Actually, he rolled two *16s*, which is somewhat more inline (or maybe only one, since he could have raised one of them at 4th level). A tiefling gets +2 Dex, +2 Int, -2 Cha. This, along with a few other benefits, is supposed to put him behind a level. In this case, that rule was overlooked or misunderstood.


----------



## Camarath (Jul 11, 2003)

Character Tiefling lv 3 Rogue/ lv 1 Ranger/ lv 1 Fighter (total character lv 5) ECL +6
Abilities Str 14 (+2) Dex 18 (+4) Con 14 (+2) Int 18 (+4) Wis 14 (+2) Cha 9 (-1)
HD: 3d6 +2d10 +10 (average 32)
BAB +4 ( total attack with Dex +8) Attacks (one weapon) +8 (dual wielding) +6/+6 
F (base +7) +9
R (base +3) +7
W (base +1) +3
Skills: 72 Rogue, 8 Ranger, 6 Fighter
Feats: Normal: Dodge (can replace with any feat the character could have taken at lv 1), Fiendish Bloodline (Protection from Good 3/d, Bane 1/d catser lv = character lv)
           Bonus: Weapon Finesse (can replace with any feat the other bonus fighter feat the character qualifies for), Track
           Virtual: Ambidexterity, Two Weapon Fighting
Class Features: Sneak Attack +2d6, Evasion, Uncanny Dodge(dex to ac), Favored Emeny +1
Racial Features: Outsider (native); Cold, Fire, and Electricity Resistance 5; +2 racial bonus to Bluff and Hide; Darkvision 60ft; Darkness 1/d catser lv = character lv; 
Damage: Short Sword 1d6+2 off-hand 1d6+1 (if flanking or opponent denied Dex +2d6)

The character can not take Outside Wings till his base Will save becomes +2. To take the feat at class level 6 the character would need to multiclass into a class with a Good Will save.
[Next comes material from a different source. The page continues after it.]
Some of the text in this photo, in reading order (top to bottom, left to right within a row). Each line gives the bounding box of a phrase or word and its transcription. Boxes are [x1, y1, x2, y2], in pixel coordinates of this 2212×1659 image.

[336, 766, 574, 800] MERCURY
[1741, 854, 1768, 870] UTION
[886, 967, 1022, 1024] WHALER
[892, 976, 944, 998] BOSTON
If he does not the character will need to wait at least till level 9 to take the Outside Wings feat.

I built the character assuming straight rouge progression till 3rd level so the character could take the Fiendish Bloodline feat. Because of the level progression, the max rogue class skill rank is 6. Then the fighter and ranger levels are taken, in any order.  The second class has a max skill rank of 7. The third class has a max skill rank of 8.

If I have made any errors (preferably mechanical ones) would you guys please point them out to me.
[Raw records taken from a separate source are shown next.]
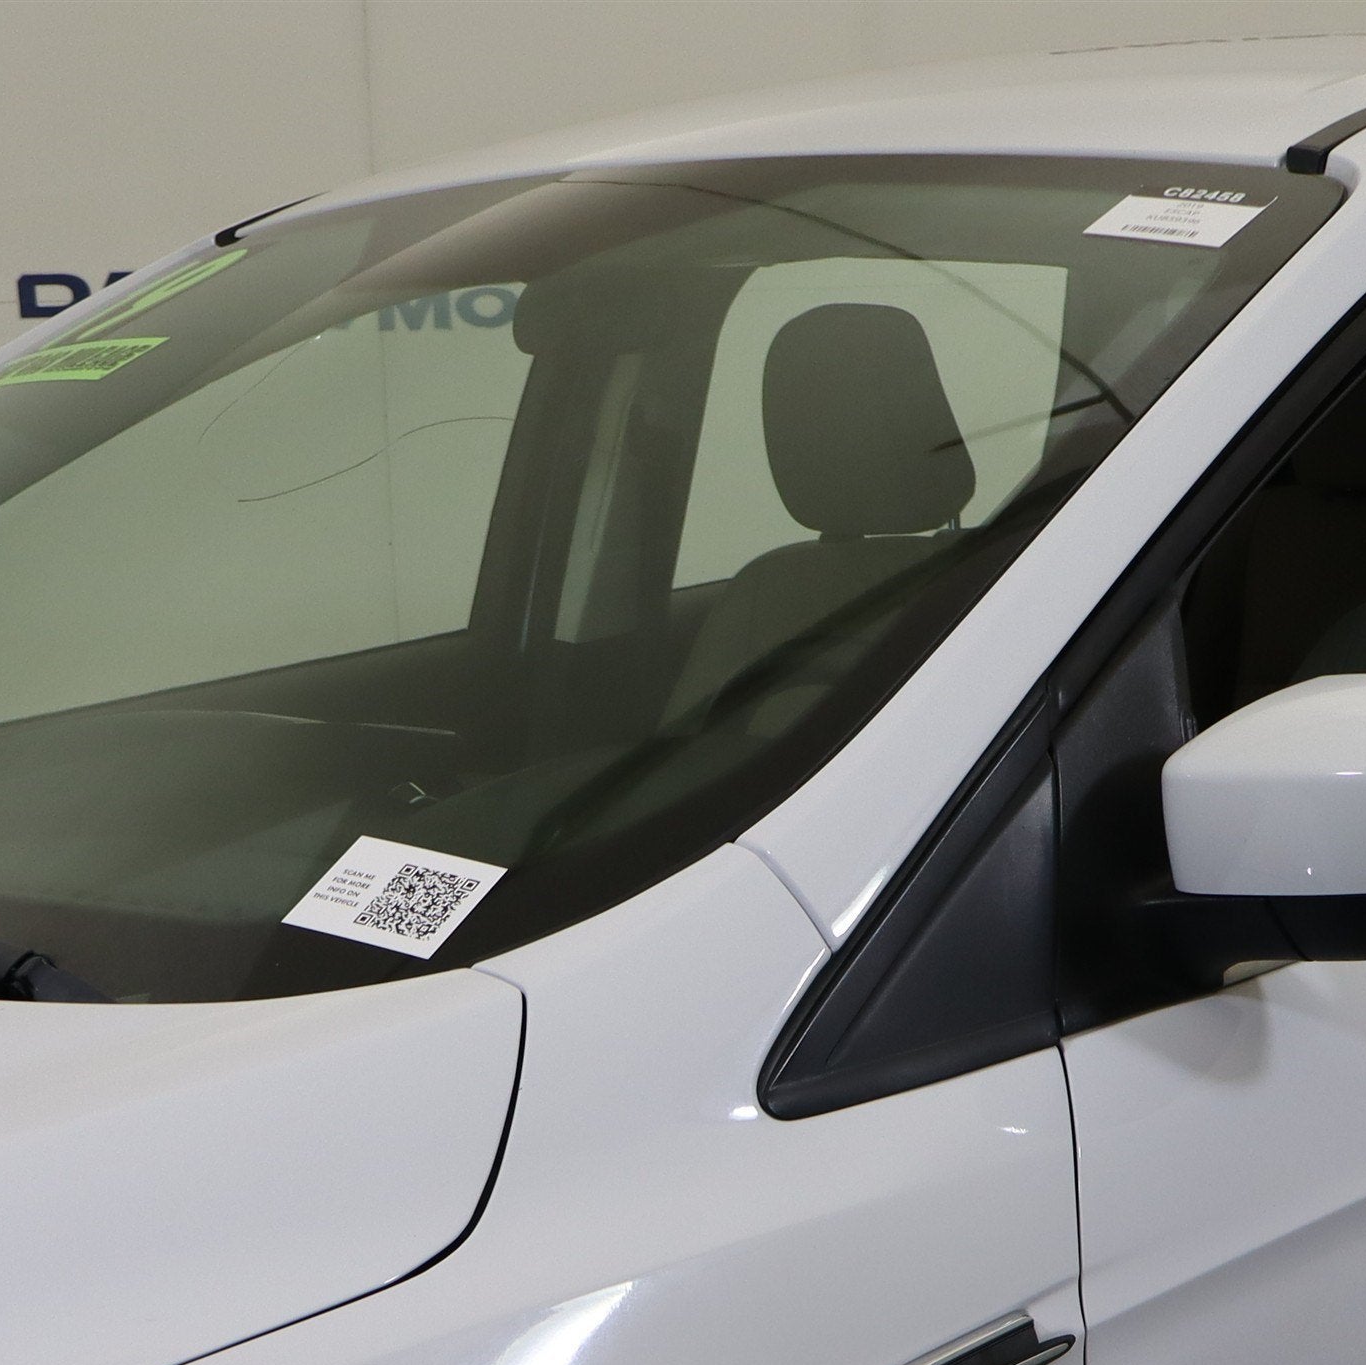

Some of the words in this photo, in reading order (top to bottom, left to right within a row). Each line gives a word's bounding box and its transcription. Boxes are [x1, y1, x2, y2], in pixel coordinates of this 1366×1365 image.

[343, 868, 364, 878] SCAN
[363, 873, 376, 881] ME
[332, 876, 348, 884] FOR
[348, 880, 372, 889] MORE
[326, 885, 346, 894] INFO
[347, 890, 361, 898] ON
[313, 892, 330, 900] THIS
[330, 896, 360, 907] VEHICLE
_Edited so the Spelling and Grammar Nazis don't take me away._


----------



## CyberSpyder (Jul 11, 2003)

Squire James said:
			
		

> *Finally, don't confuse shadows with darkness... you can't HAVE shadows without a light source! *




Actually, you could argue that darkness is simply the shadow cast by the earth being between you and the sun...


----------



## LuYangShih (Jul 11, 2003)

Camarath said:
			
		

> *
> 
> If I have made any errors would you guys please point them out to me. *




Very well.  It is *ROGUE*, not ro*uge*.


----------



## takyris (Jul 11, 2003)

Dude, Yu, I was gonna say the same thing... 

Not to mention straight, not strait, and a few run-on sentences.

The stats looked fine to me, though.  But mainly I was freaking out over the spelling.

-Tacky the Grammar Nazi.


----------



## Blasphemonkey (Jul 11, 2003)

babomb said:
			
		

> *
> 
> Actually, he rolled two 16s, which is somewhat more inline (or maybe only one, since he could have raised one of them at 4th level). A tiefling gets +2 Dex, +2 Int, -2 Cha. This, along with a few other benefits, is supposed to put him behind a level. In this case, that rule was overlooked or misunderstood. *




Thanks for jogging my memory, since he joined us last winter I kind of forgot. He placed his highest rolls into Dex and Int, and then increased one of them by +1 for 4th level. This makes his original rolls look like: 14 Str, 16 Dex (now add +2 racial), 14 Con, 15 Int (add +2 racial, add +1 at 4th level), 14 Wis, 11 Cha (now -2 racial) = 14, 18, 14, 18, 14, 9. He still rolled very well, but it's a bit more reasonable when you figure in those racial and level modifiers.  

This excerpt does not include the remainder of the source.